子犬に対しては、6週齢頃から開始して、4週間毎に追加接種します。1回目は、5種もしくは6種ワクチンを接種します。2回目以降は、レプトスピラ含有のワクチンを接種します。レプトスピラは不活化ワクチンですので、2回接種することでブースター効果が得られて効果を発揮します。不活化ですので、移行抗体がある時期に接種すると、効果が得られません。以降、1年に1回の追加投与を行います。レプトスピラの単味ワクチンは、その間に接種するといいでしょう。

狂犬病のワクチンは、法律で義務付けられています。すべての犬に接種します。早くて12週齢から接種可能ですが、現実的には、混合ワクチン接種が終わってからになります。不活化ワクチンですが、1回の接種で抗体を獲得します。


 猫のワクチン接種

すべての猫にも、少なくとも1年に1回、ワクチン接種をします。猫のワクチンの多くは、3種もしくは5種ワクチンです。6種以上のワクチンには、カリシウイルス株が追加されています。カリシウイルスは変異しやすいためです。
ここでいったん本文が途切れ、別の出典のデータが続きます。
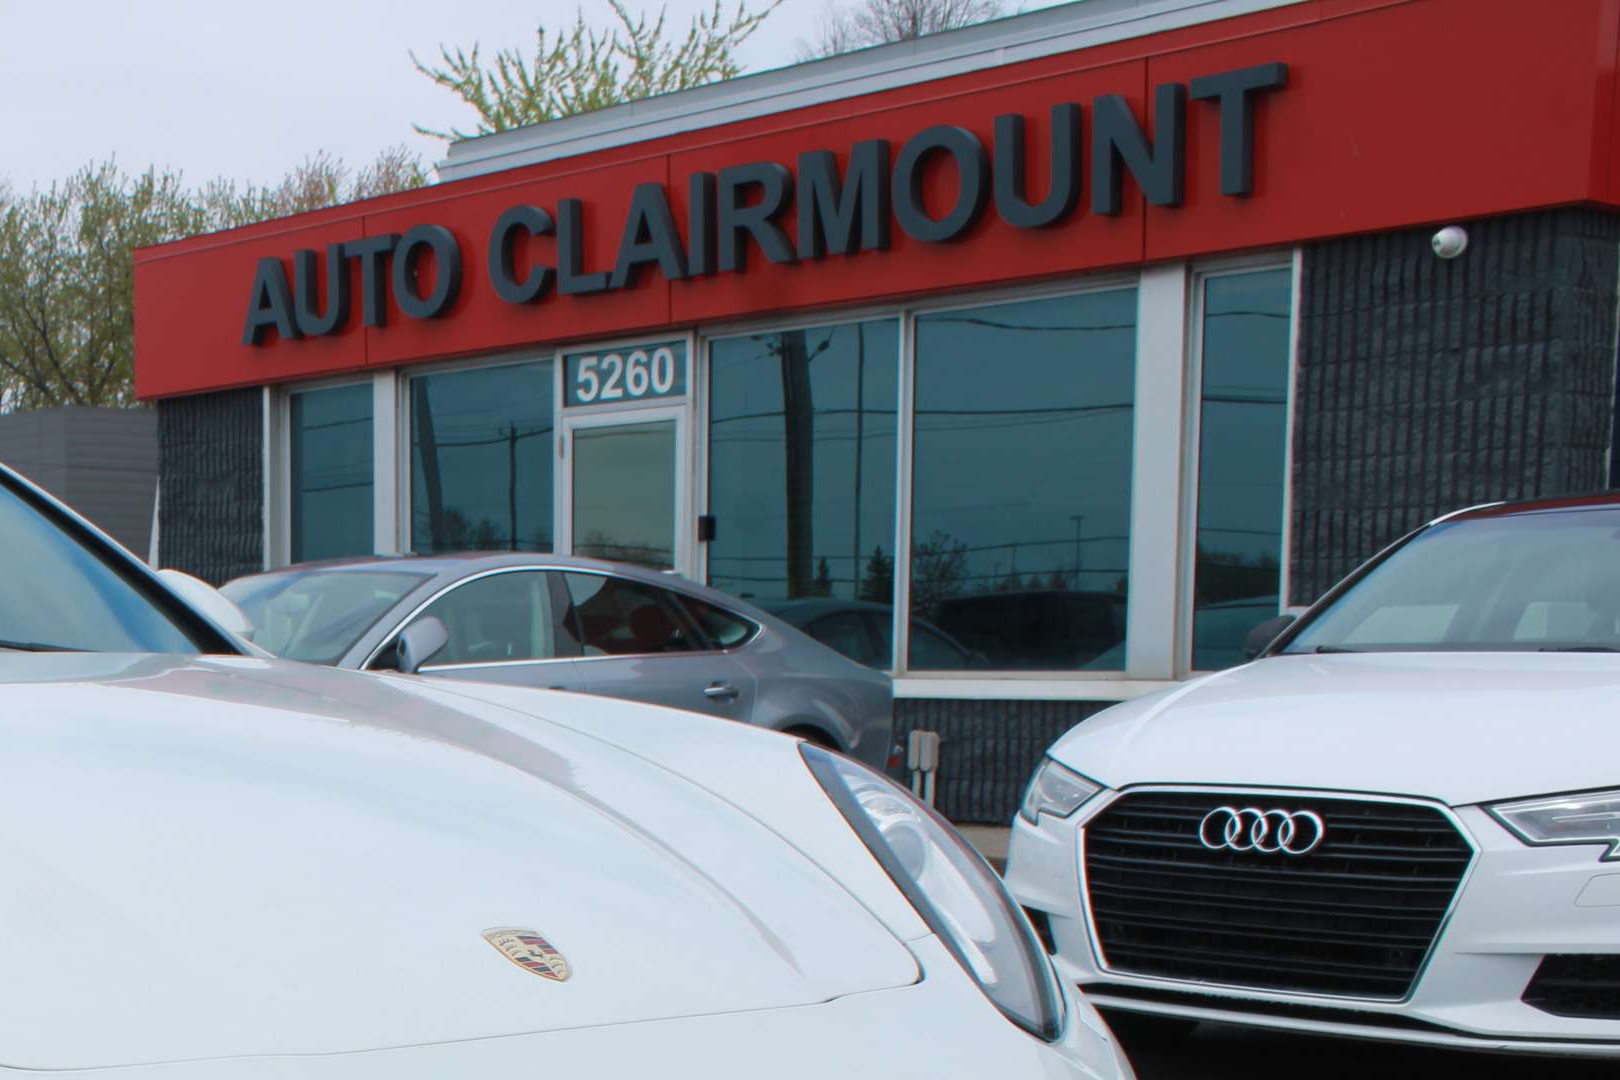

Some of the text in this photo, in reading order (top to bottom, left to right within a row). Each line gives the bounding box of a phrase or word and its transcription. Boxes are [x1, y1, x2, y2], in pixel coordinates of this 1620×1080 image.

[241, 62, 1289, 345] AUTO CLAIRMOUNT
[576, 347, 674, 402] 5260
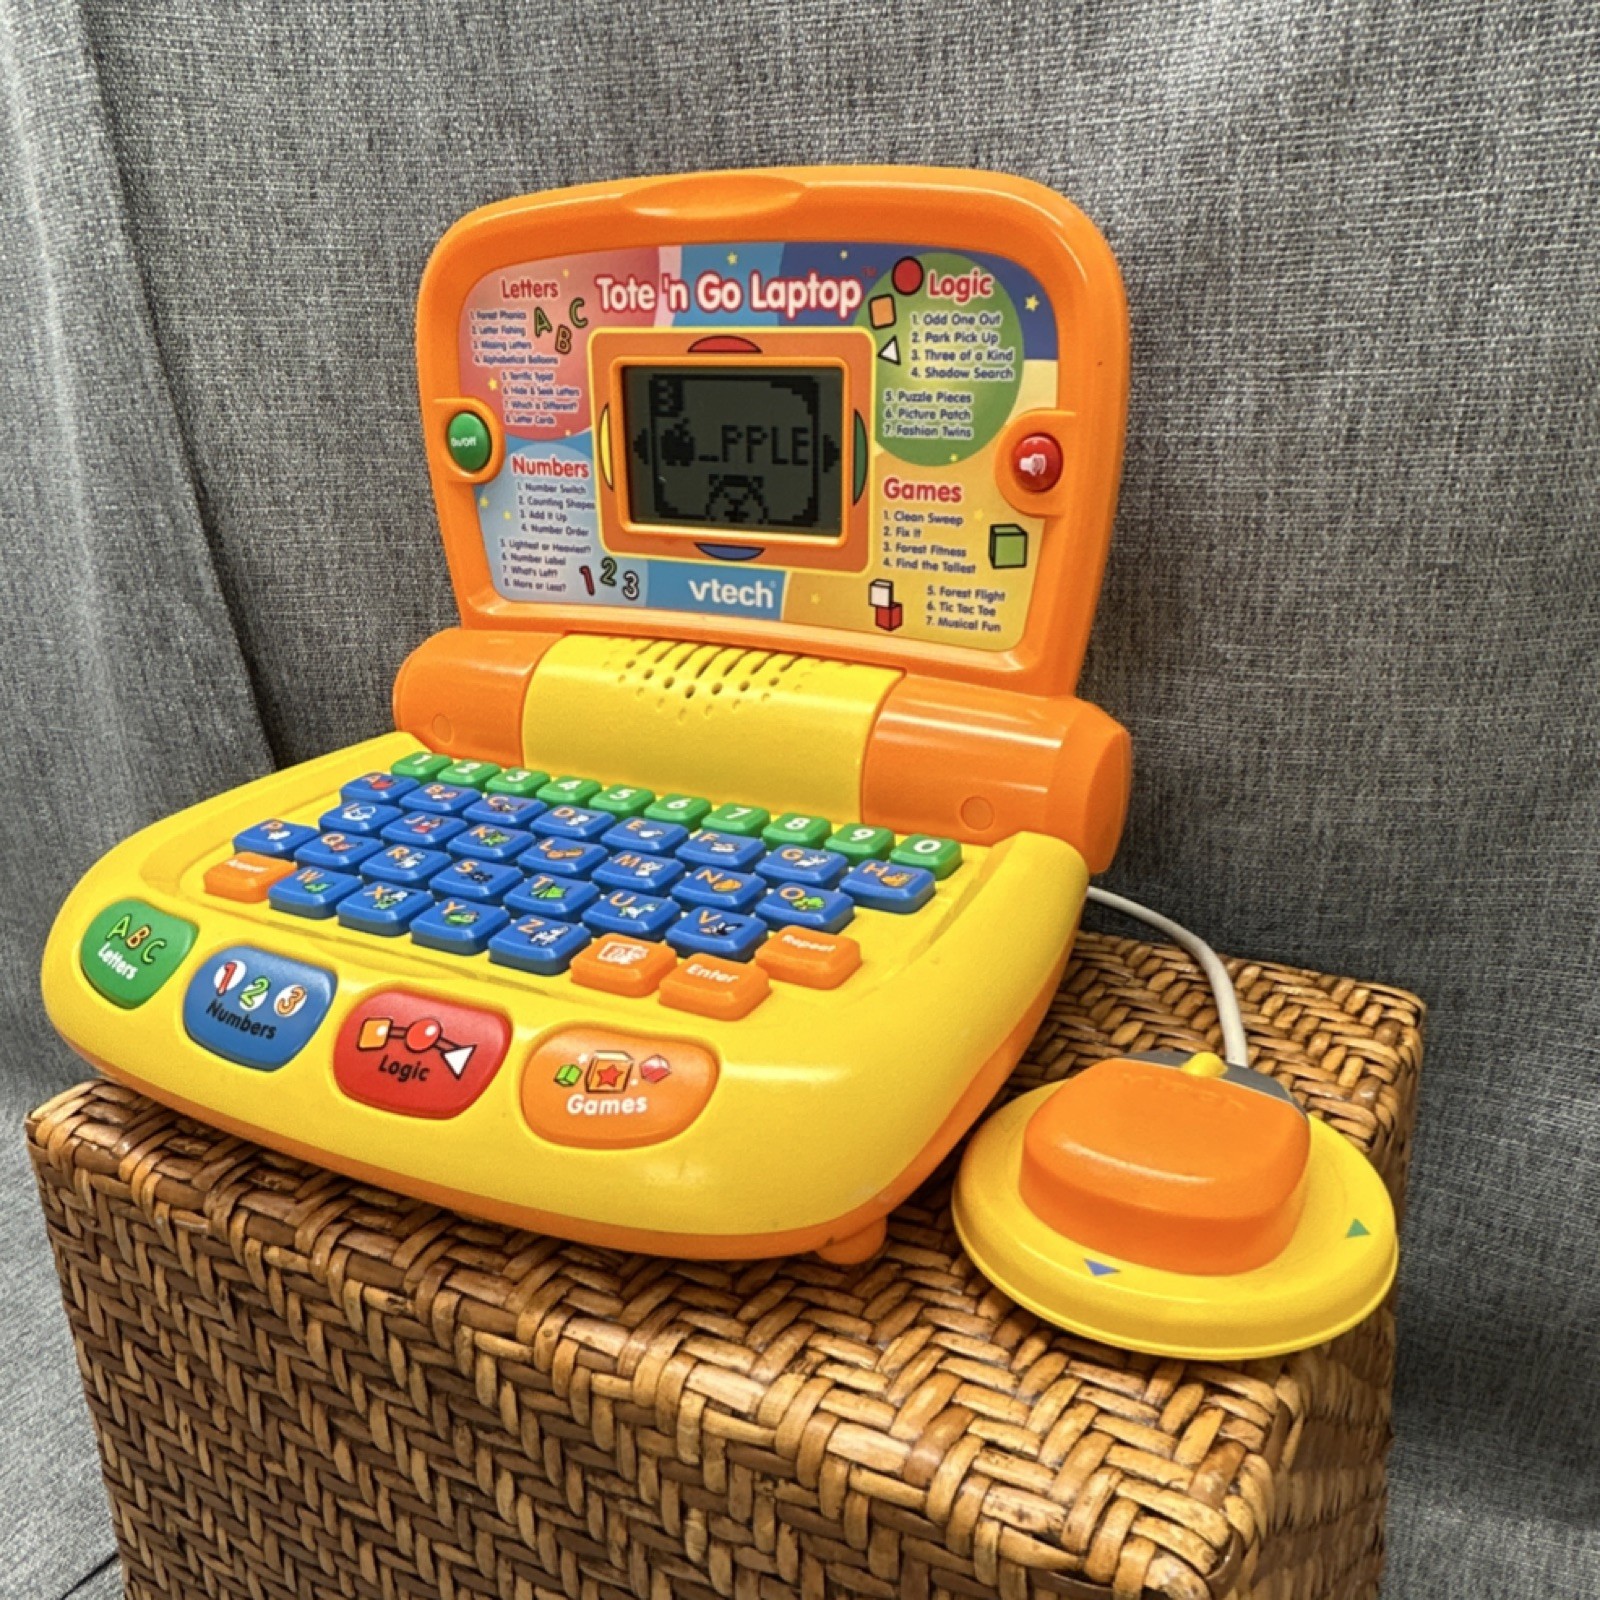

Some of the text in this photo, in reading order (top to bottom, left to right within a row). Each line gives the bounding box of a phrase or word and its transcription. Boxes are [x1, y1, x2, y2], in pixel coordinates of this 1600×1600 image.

[502, 279, 559, 298] Letters
[929, 270, 993, 303] Logic
[596, 277, 656, 311] Tote
[697, 270, 741, 313] Go
[751, 270, 862, 320] Laptop
[924, 313, 947, 324] Odd
[951, 314, 975, 325] One
[980, 314, 1001, 324] Out
[535, 298, 588, 354] A B C
[925, 333, 949, 342] Park
[954, 333, 977, 342] Pick
[982, 334, 998, 345] Up
[925, 350, 955, 360] Three
[960, 350, 972, 360] of
[975, 352, 982, 360] a
[987, 349, 1013, 360] Kind
[925, 368, 969, 378] Shadow
[974, 368, 1013, 378] Search
[899, 391, 932, 402] Puzzle
[937, 392, 971, 403] Pieces
[899, 408, 936, 418] Picture
[941, 409, 970, 419] Patch
[897, 426, 938, 436] Fashion
[942, 426, 971, 437] Twins
[512, 457, 589, 478] Numbers
[526, 483, 557, 492] Number
[560, 485, 586, 494] Switch
[884, 478, 961, 502] Games
[527, 497, 563, 510] Counting
[529, 511, 545, 520] Add
[556, 513, 567, 522] Up
[894, 512, 924, 522] Clean
[928, 513, 963, 526] Sweep
[531, 525, 563, 534] Number
[566, 526, 589, 536] Order
[896, 528, 910, 537] Fix
[896, 543, 927, 554] Forest
[931, 545, 966, 557] Fitness
[896, 559, 917, 569] Find
[922, 560, 938, 570] the
[943, 562, 975, 573] Tallest
[579, 557, 639, 600] 1 2 3
[688, 579, 773, 609] vtech
[940, 586, 971, 598] Forest
[975, 589, 1005, 603] Flight
[940, 602, 953, 612] Tic
[957, 603, 974, 614] Tac
[979, 605, 996, 616] Toe
[938, 618, 978, 630] Musical
[982, 620, 1001, 632] Fun
[455, 763, 482, 774] 2
[506, 770, 531, 782] 3
[558, 780, 582, 791] 4
[610, 788, 637, 800] 5
[667, 798, 691, 810] 6
[726, 807, 751, 820] 7
[784, 818, 810, 829] 8
[850, 828, 876, 842] 9
[914, 840, 941, 853] 0
[781, 848, 804, 860] G
[454, 861, 478, 873] S
[613, 855, 641, 867] M
[697, 870, 723, 884] N
[363, 885, 393, 899] X
[780, 888, 805, 899] O
[610, 893, 636, 906] U
[442, 901, 466, 914] Y
[518, 918, 545, 932] Z
[699, 911, 722, 929] V
[106, 914, 167, 964] A B C
[97, 943, 138, 979] Letters
[686, 963, 739, 983] Enter
[216, 961, 306, 1016] 1 2 3
[205, 1000, 277, 1040] Numbers
[377, 1055, 430, 1082] Logic
[567, 1094, 647, 1116] Games
必ず接種すべきワクチンは、猫ウイルス性鼻気管炎(猫ヘルペスウイルス感染)・猫カリシウイルス感染症猫汎白血球減少症(パルボウイルス感染)です。風邪のような症状や、腸炎症状がみられます。

私が使っているのは、生ワクチンですが、不活化ワクチンもあります。生ワクチンの場合、体調が悪い猫、衰弱している猫、妊娠している猫には、接種しないようにしましょう。子猫には、6週齢で1回目のワクチン接種を行って、4週間後に追加接種をします。16週齢までには終わらせておきましょう。以降、1年に1回の接種を行います(ブースター効果)。保護した際に16週齢を超えている猫や、ワクチンの接種歴が不明の猫にも4週間あけて、2回接種します。
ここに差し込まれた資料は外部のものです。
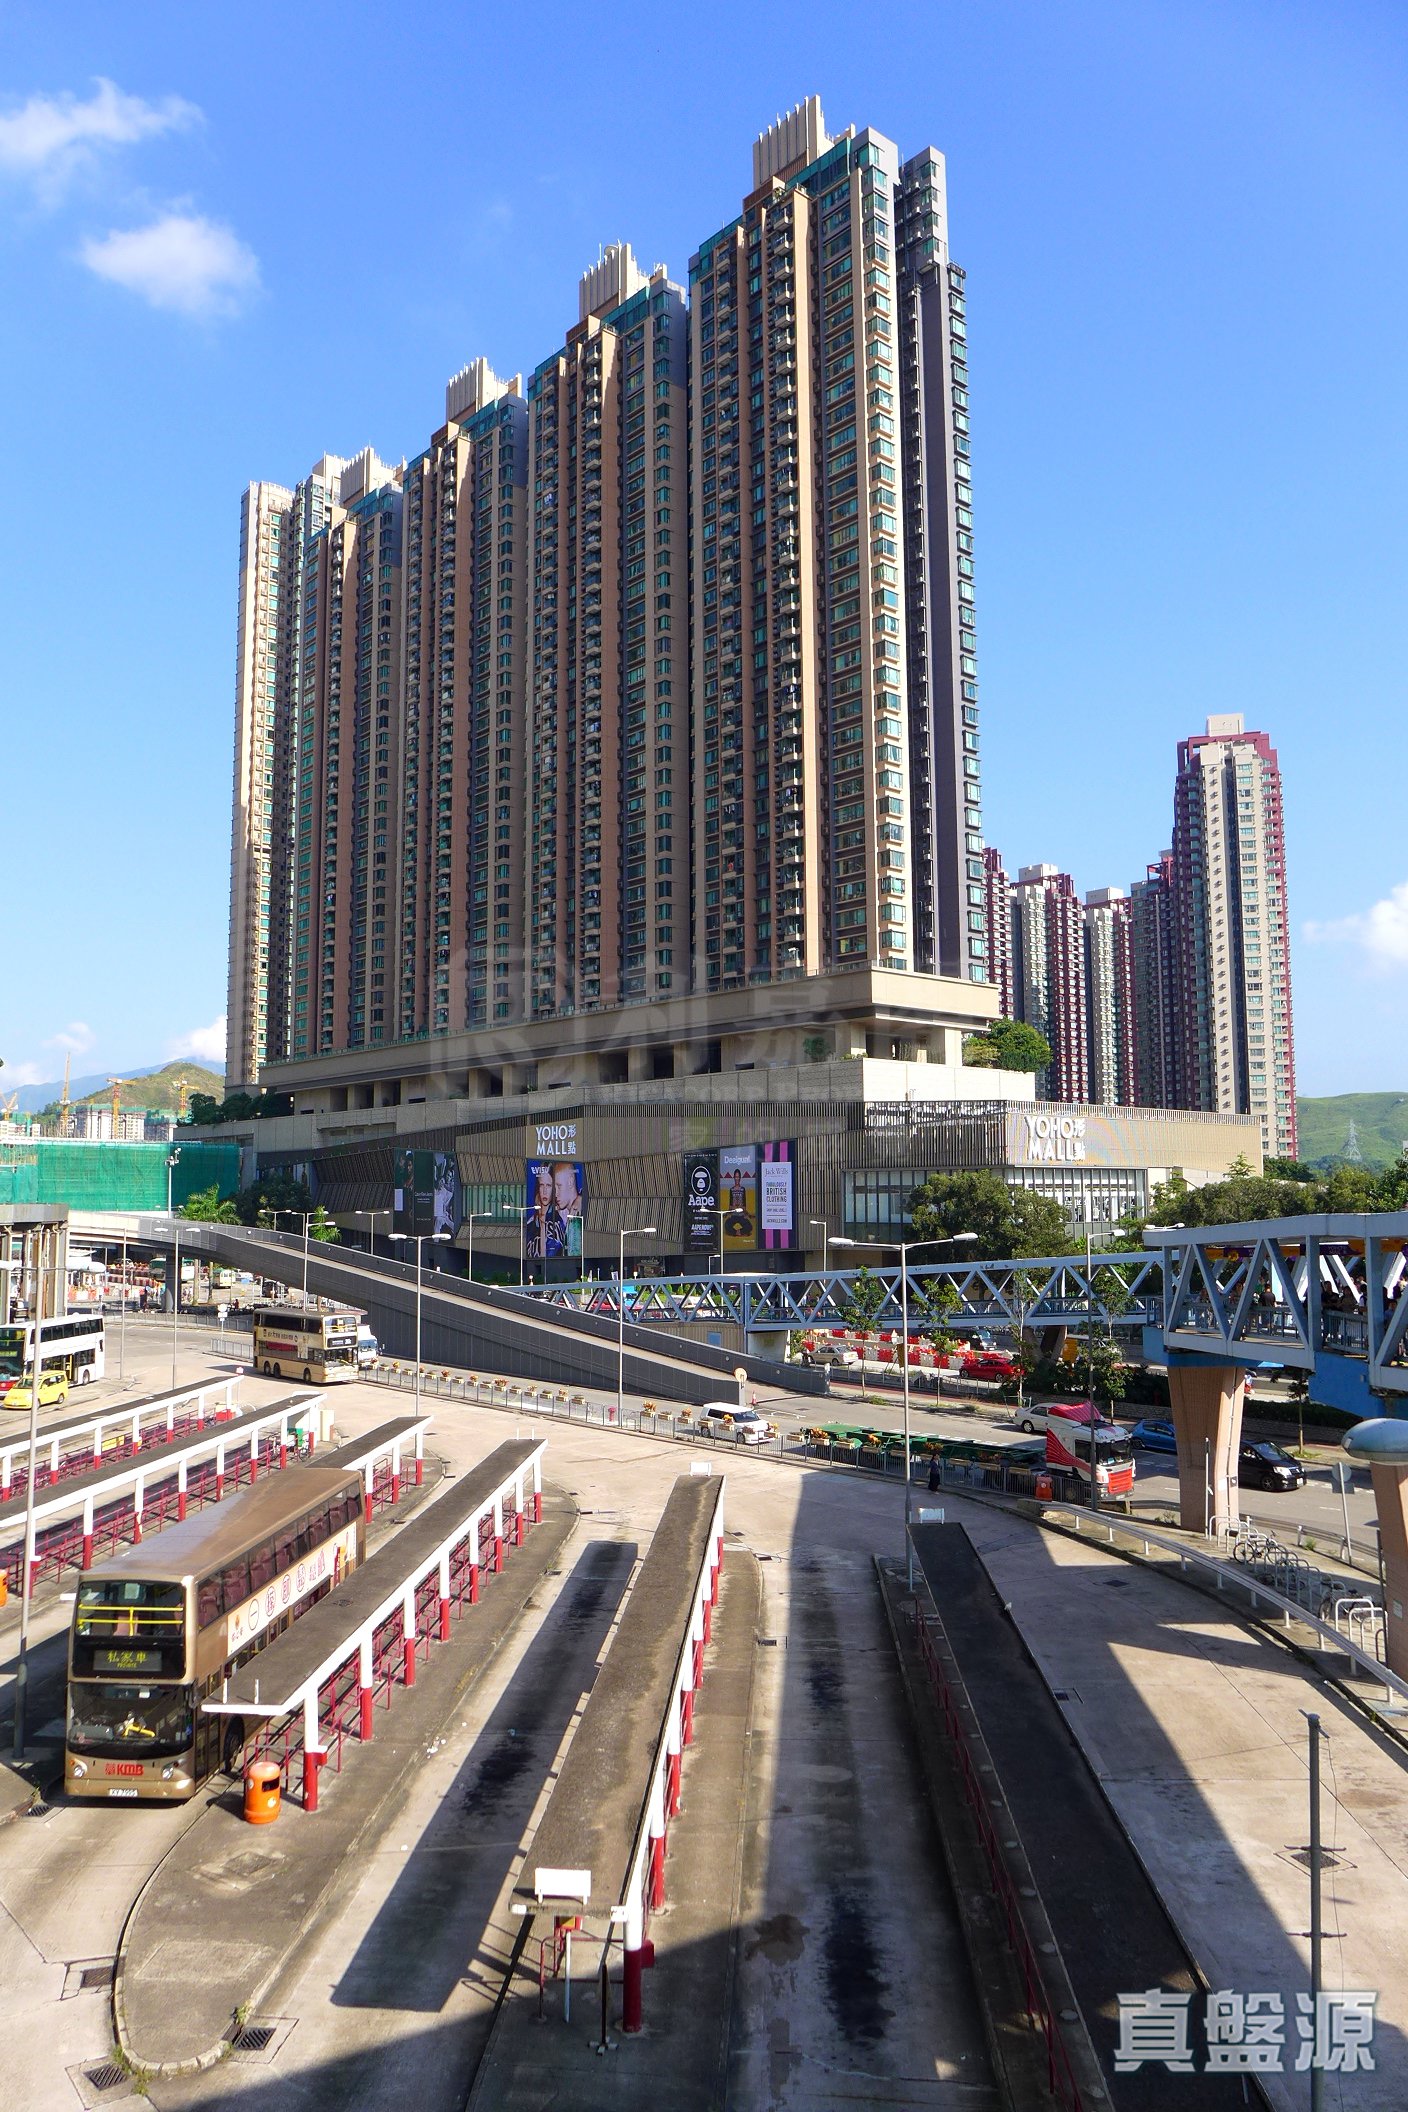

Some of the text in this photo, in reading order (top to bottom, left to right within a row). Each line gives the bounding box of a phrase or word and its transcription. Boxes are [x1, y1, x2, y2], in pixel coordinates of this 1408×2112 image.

5種のワクチンには、クラミジア病(クラミドフィラ・フェリスによる感染)と猫白血病ウイルス(FeLV)感染症ワクチンが含まれています。クラミジア病は、一般的には、軽度の結膜炎を呈するだけで、抗生物質で治療できます。別の猫との接触がある猫には接種しておいた方がいいワクチンです。FeLVワクチンも、外出する猫、FeLV感染状況が不明な猫との接触がある猫には接種しておくべきです。既に持続的なウイルス血症の猫には効果がないですが、ウイルス血症や潜伏感染している猫に投与しても、有害作用はありません。FeLVワクチンを接種する前には、ウイルス検査を行いましょう。

猫エイズウイルス(FIV)ワクチンもあります。予防を行うなら、初年度は3~4週間間隔で3回の接種を行い、その後、1年毎に追加接種を行います。これもワクチン接種前には、ウイルス検査を行いましょう。抗体陽性なら、ワクチン接種は行いません。
このワクチンの問題点として、接種後は、検査で陽性反応が出ます。そうなると感染の判断をできなくなります。野外に出る猫、喧嘩をしたことがわかっている猫、FIV感染猫と一緒に飼育されている猫など、感染の危険性が高い猫にのみ、接種するべきかと思います。
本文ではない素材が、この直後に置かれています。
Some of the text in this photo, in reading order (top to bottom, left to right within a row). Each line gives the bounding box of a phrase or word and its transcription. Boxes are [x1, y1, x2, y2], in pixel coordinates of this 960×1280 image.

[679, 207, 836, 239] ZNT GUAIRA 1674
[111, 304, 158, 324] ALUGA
狂犬病ですが、猫も哺乳動物なので、狂犬病が感染します。本来であれば、犬と同じく、1年に1回の接種が必要なのですが、幸い、日本は、永らく狂犬病が発症しておりません。なので、法律でも犬以外は狂犬病ワクチンの接種義務はありません。ですが、犬で狂犬病の発症が確認されたら、猫も対象になります。なので、犬の飼い主さん、狂犬病の予防接種は、必ず受けてください。